EG: Everybody around us has been so incredibly supportive. Everybody who comes up to me says “Thank you. You’re building a better life for our children, all you guys.” There are other people who are like… there was a vigil for our school the day after, and someone in the evening part of the vigil was screaming, “You gotta arm the schools! If you armed the schools, this wouldn’t have happened!” and everybody who was there who had heard him knew that he had not been at the school because if he had, he would never have said something so insensitive, so untrue and so rude. But, you know, there are so many parents who are just so kind and so many students who are saying thank you and asking how they can get involved. You know, I don’t know what is going to happen to Parkland but at least right now, it’s very strong.

WP: What can younger students do to support you and support the movement?

EG: Repeat #NeverAgain and follow @MarchForOurLives, and go to the march and support all of the marches around you. If you can’t go to the march in D.C., go to a march in any other place; they’re going to be all over the world and the country. Start petitioning for things. Always tell the important people in your life that you love them, because they deserve to hear that, and you deserve to have good people around you that would love you too.

WP: What advice would you give to young, inspiring activists, maybe students like yourself, who hope to make change like you have?

Eg: Find a good platform, find good people around you, check on the fact that there’s going to be a lot of people who don’t support you; you need to remember to ignore those people and that if they’re not directly impacted by whatever your topic is, they don’t matter. But you do need to listen to the people who say you’re doing something wrong, you’ve got to check yourself, you’ve got to make sure that you aren’t doing something wrong.
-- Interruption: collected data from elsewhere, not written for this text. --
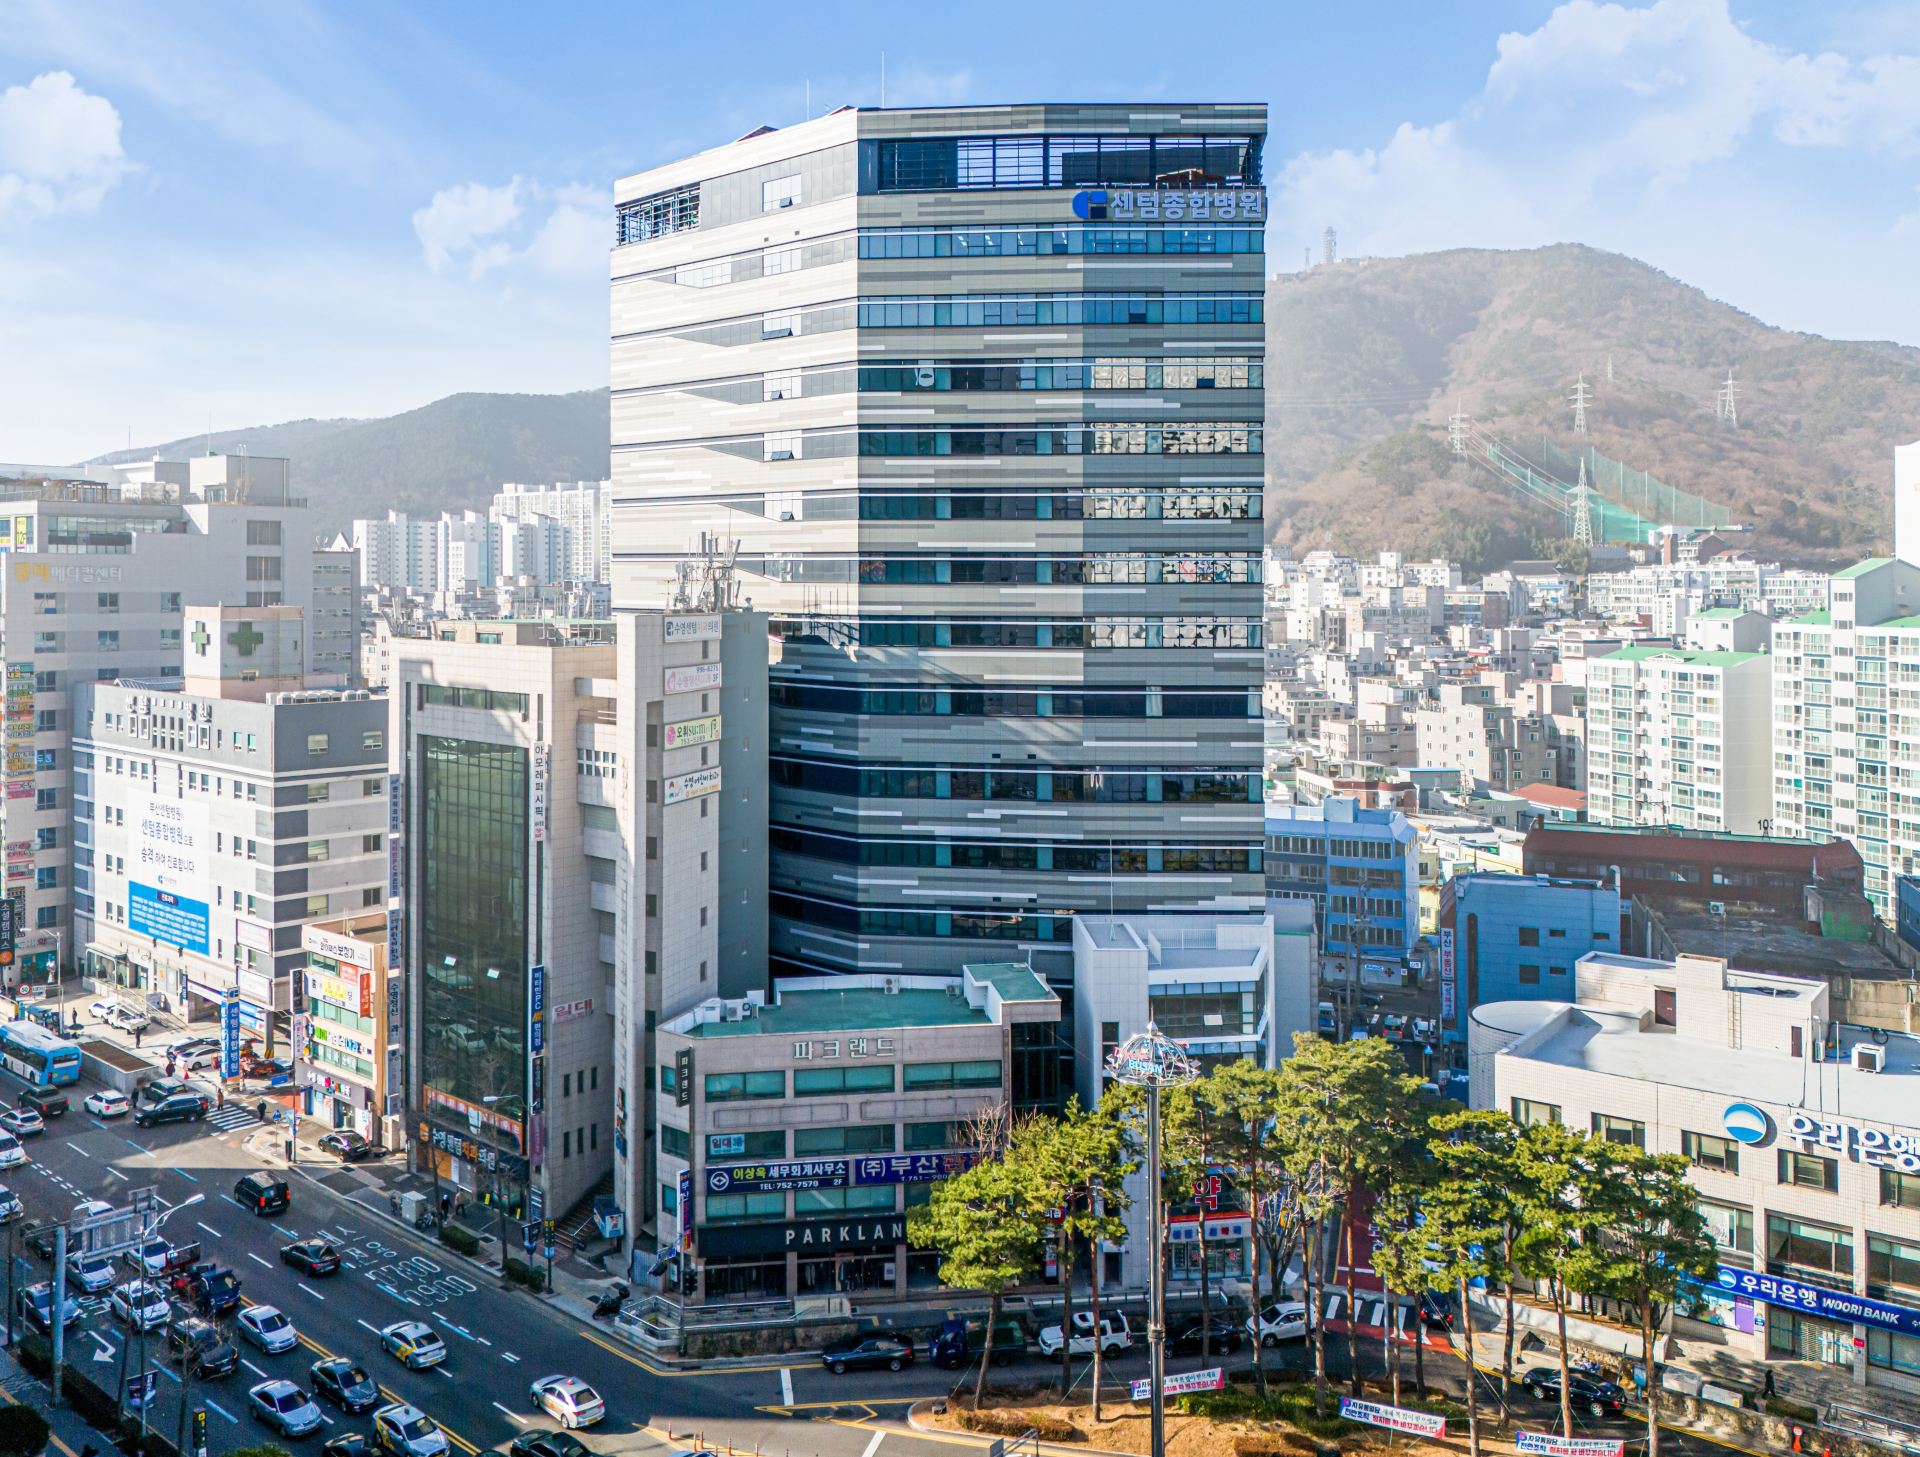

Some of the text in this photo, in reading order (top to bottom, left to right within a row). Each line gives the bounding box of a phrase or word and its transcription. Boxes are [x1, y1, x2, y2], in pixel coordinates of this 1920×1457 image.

[1110, 191, 1262, 219] 센텀종합병원
[535, 745, 544, 816] 아모레퍼시픽
[1443, 930, 1453, 948] 부산
[1443, 951, 1453, 976] 부동산
[554, 998, 593, 1017] 임대
[793, 1038, 895, 1060] 파크랜드
[680, 1056, 688, 1101] 파크랜드
[711, 1137, 731, 1148] 임대
[1783, 1113, 1920, 1172] 우리은행
[769, 1162, 846, 1178] 세무회계사무소
[785, 1222, 902, 1246] PARKLAN
[1740, 1274, 1817, 1308] 우리은행
[1822, 1297, 1863, 1316] WOORI
[1863, 1307, 1900, 1324] BANK
[1351, 1401, 1380, 1414] 자유통일당
[1400, 1421, 1438, 1434] 바꾸겠습니다
[1527, 1435, 1558, 1446] 자유통일당
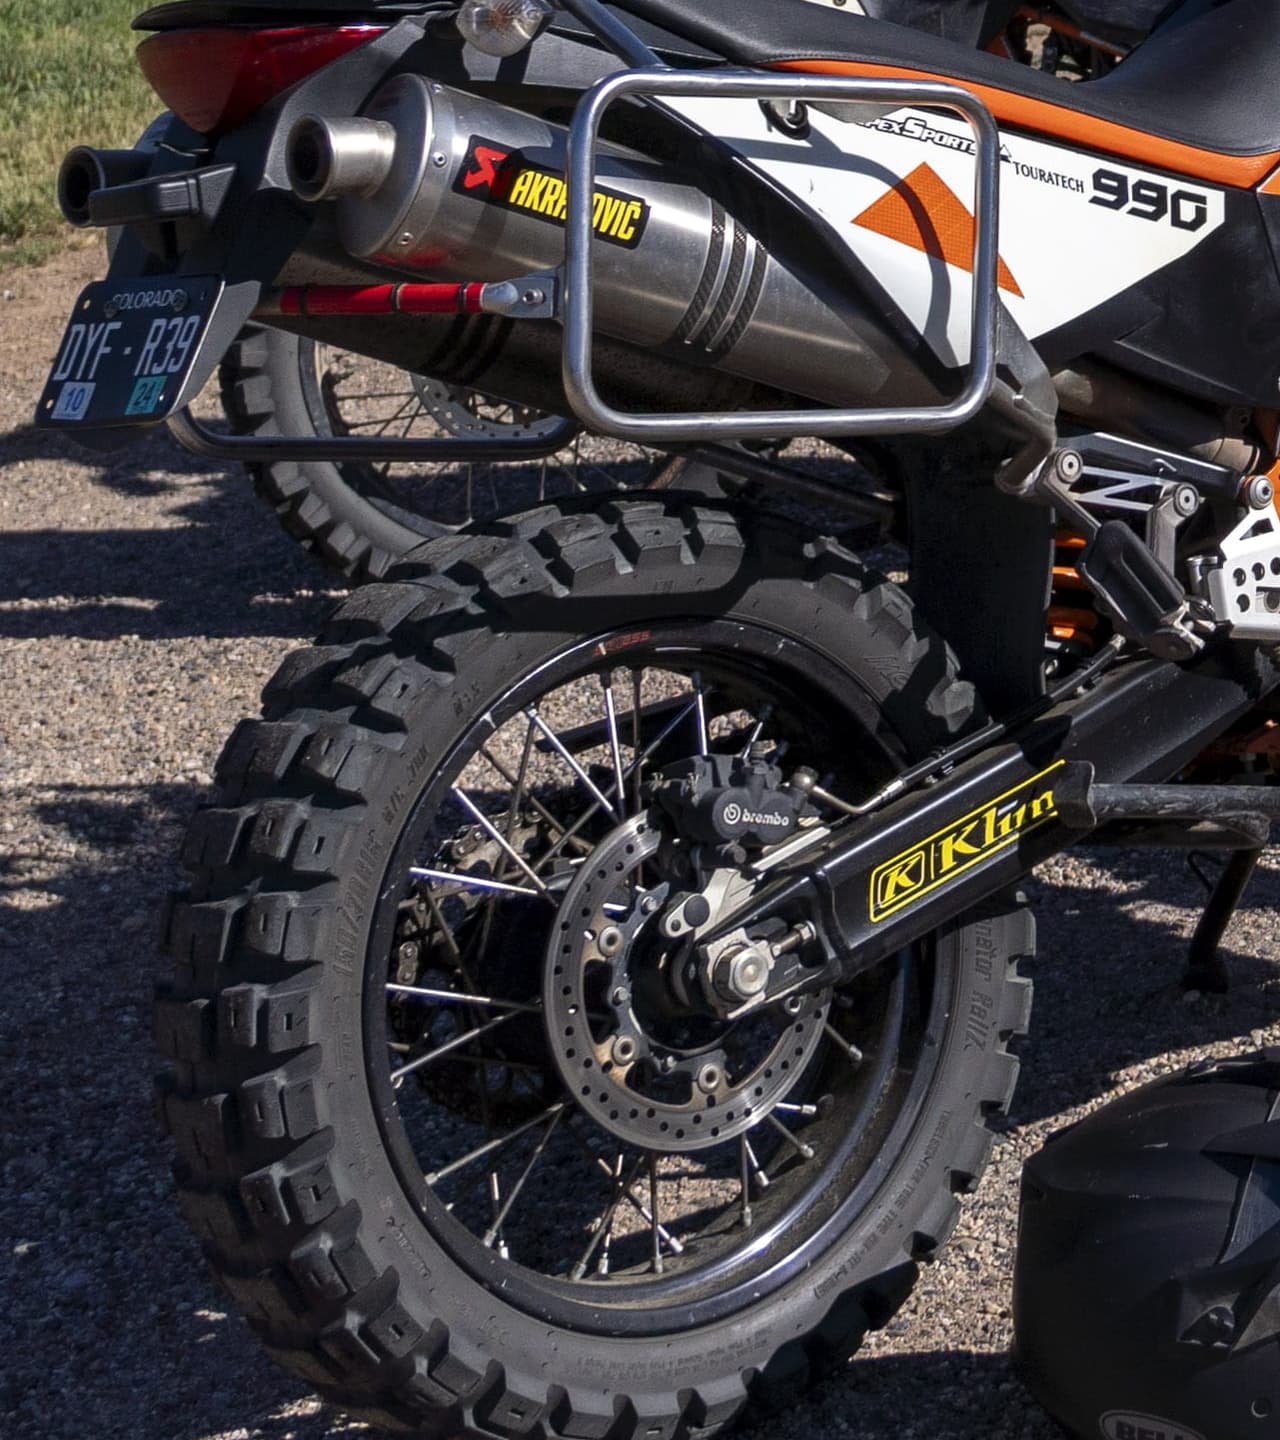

WP: What actions can schools and people take to support the MSD community?

EG: Donate to our GoFundMe that’s been set up. There’s the march one, but there’s also one that has been set up for the victims. The victims have gotten so much money. I’m so happy for them. Social media support is just as impactful as saying to somebody in person “I support you.” Doing anything at this point is.

Stay strong. Always make sure to buy good quality socks because you never know when all of a sudden you have no more socks and you’re down to the really awful pair, and you have to march that day. Always have an extra pair of socks.